- _Saved entries_:
BEGIN

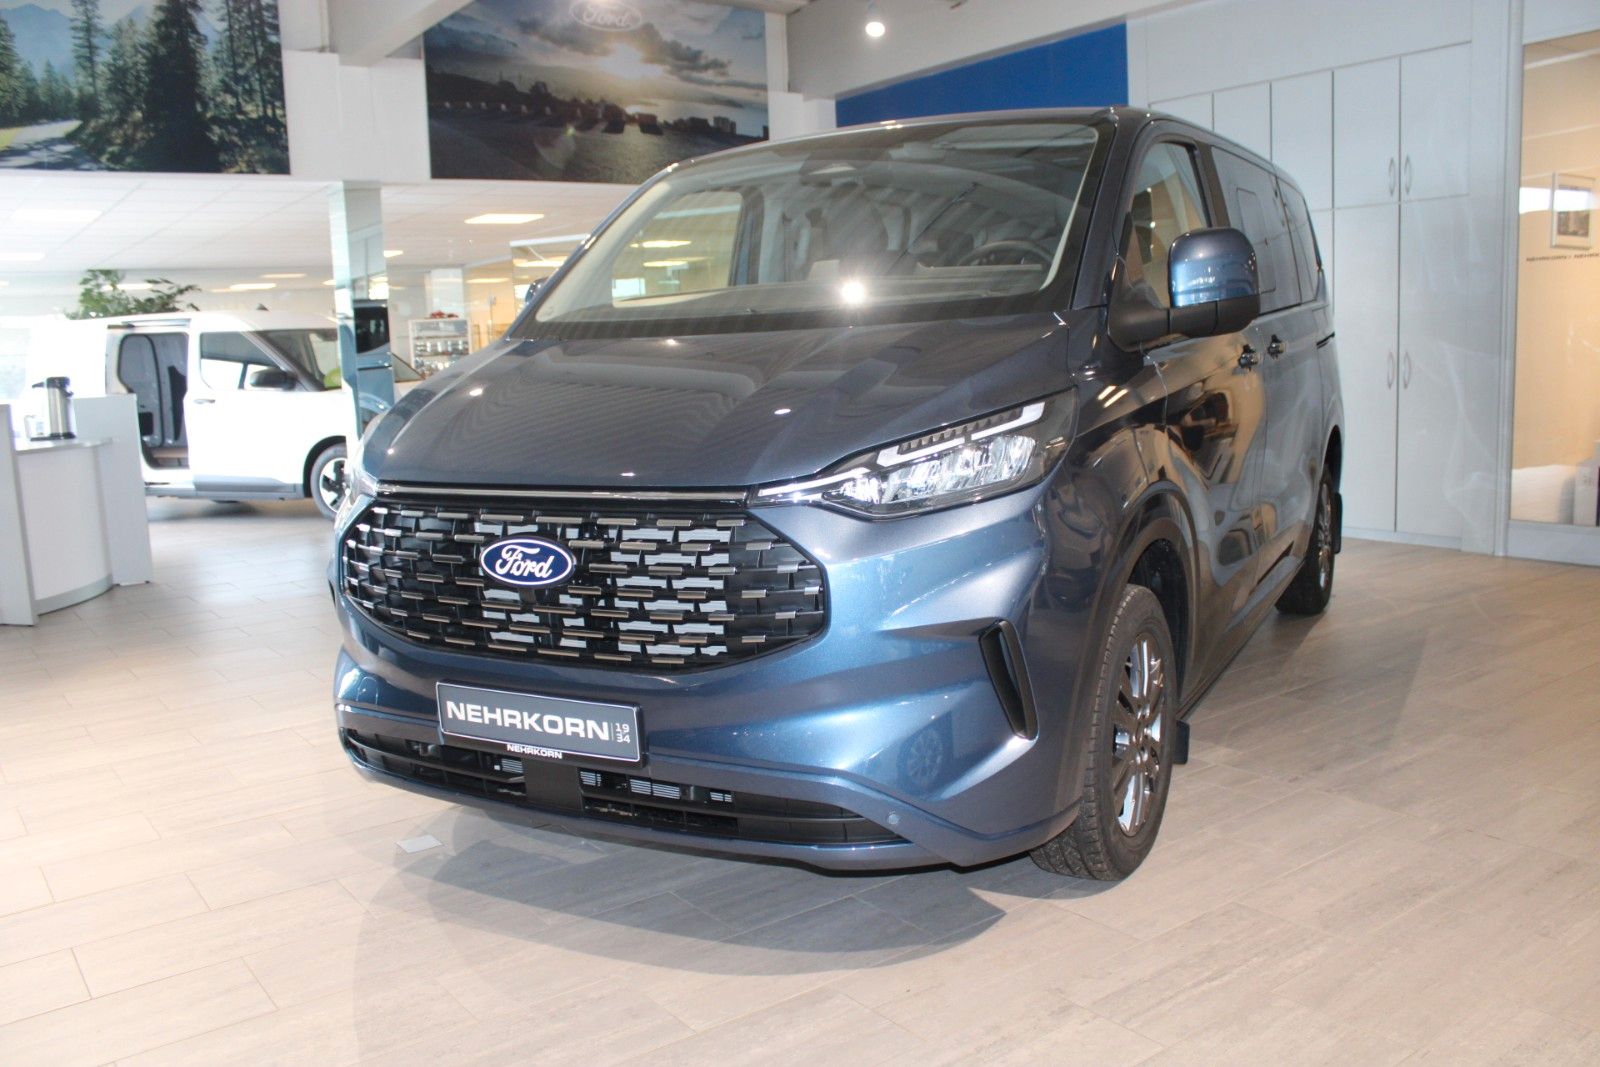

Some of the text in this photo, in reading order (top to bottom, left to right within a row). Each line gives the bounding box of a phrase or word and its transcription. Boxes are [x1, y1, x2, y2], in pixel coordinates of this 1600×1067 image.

[495, 544, 555, 578] Ford
[446, 700, 609, 741] NEHRKORN
[615, 722, 630, 733] 19
[616, 733, 631, 744] 34
[506, 744, 563, 759] NEHRKORN
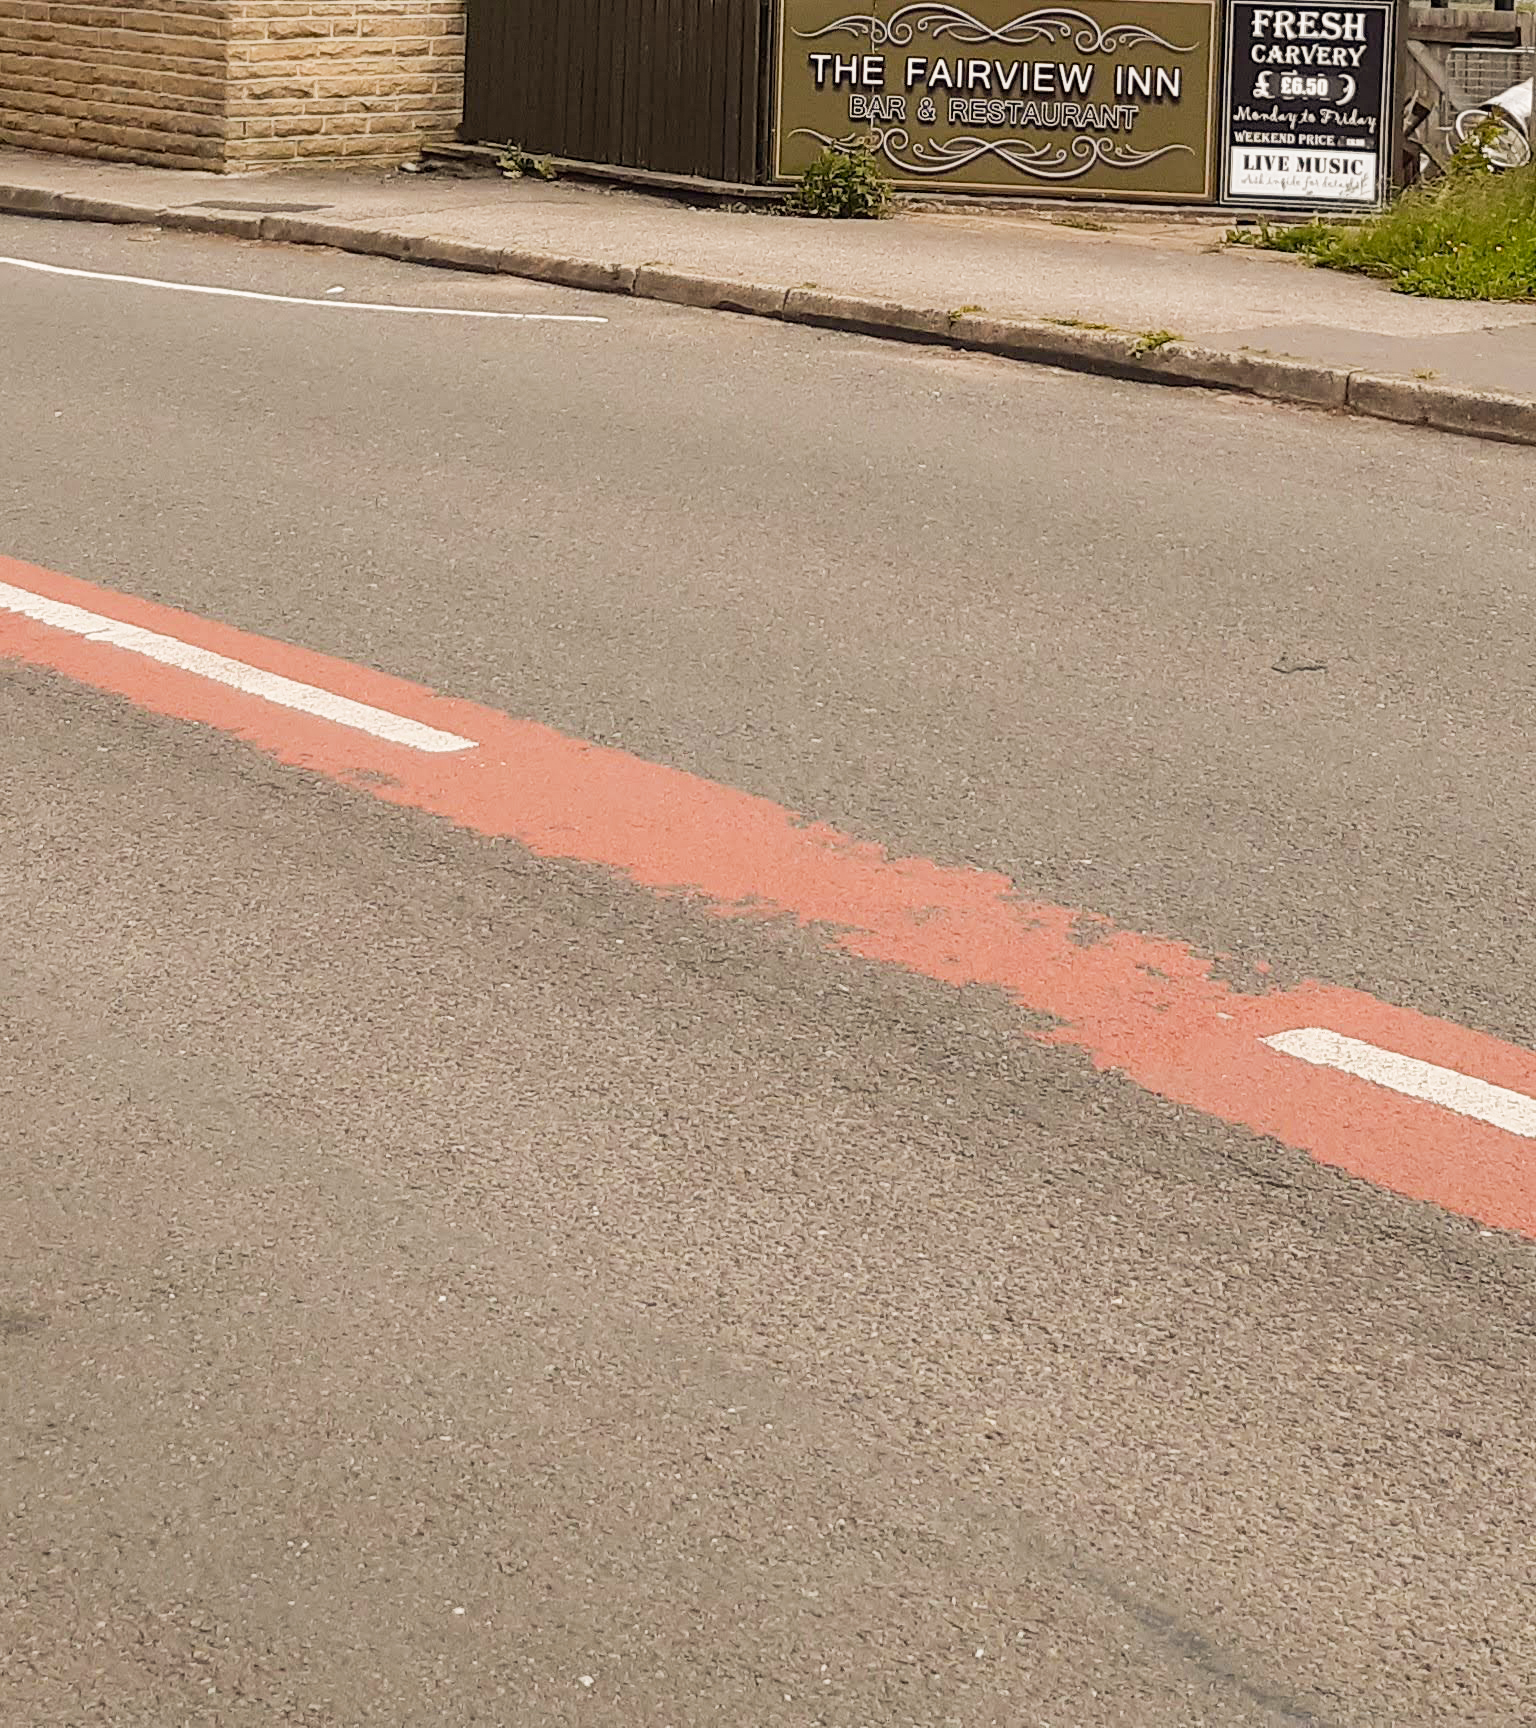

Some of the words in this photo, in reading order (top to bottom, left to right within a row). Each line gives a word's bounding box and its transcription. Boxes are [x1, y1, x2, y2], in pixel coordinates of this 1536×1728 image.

END

- _ASSIGNMENT_: Reproduce the data above exactly, leaving each picture out.

- _EXERCISE RESPONSE_:
Some of the text in this photo, in reading order (top to bottom, left to right within a row). Each line gives the bounding box of a phrase or word and its transcription. Boxes are [x1, y1, x2, y2], in pixel coordinates of this 1600×1067 image.

[495, 544, 555, 578] Ford
[446, 700, 609, 741] NEHRKORN
[615, 722, 630, 733] 19
[616, 733, 631, 744] 34
[506, 744, 563, 759] NEHRKORN

Some of the words in this photo, in reading order (top to bottom, left to right within a row). Each line gives a word's bounding box and its transcription. Boxes are [x1, y1, x2, y2], in pixel coordinates of this 1536×1728 image.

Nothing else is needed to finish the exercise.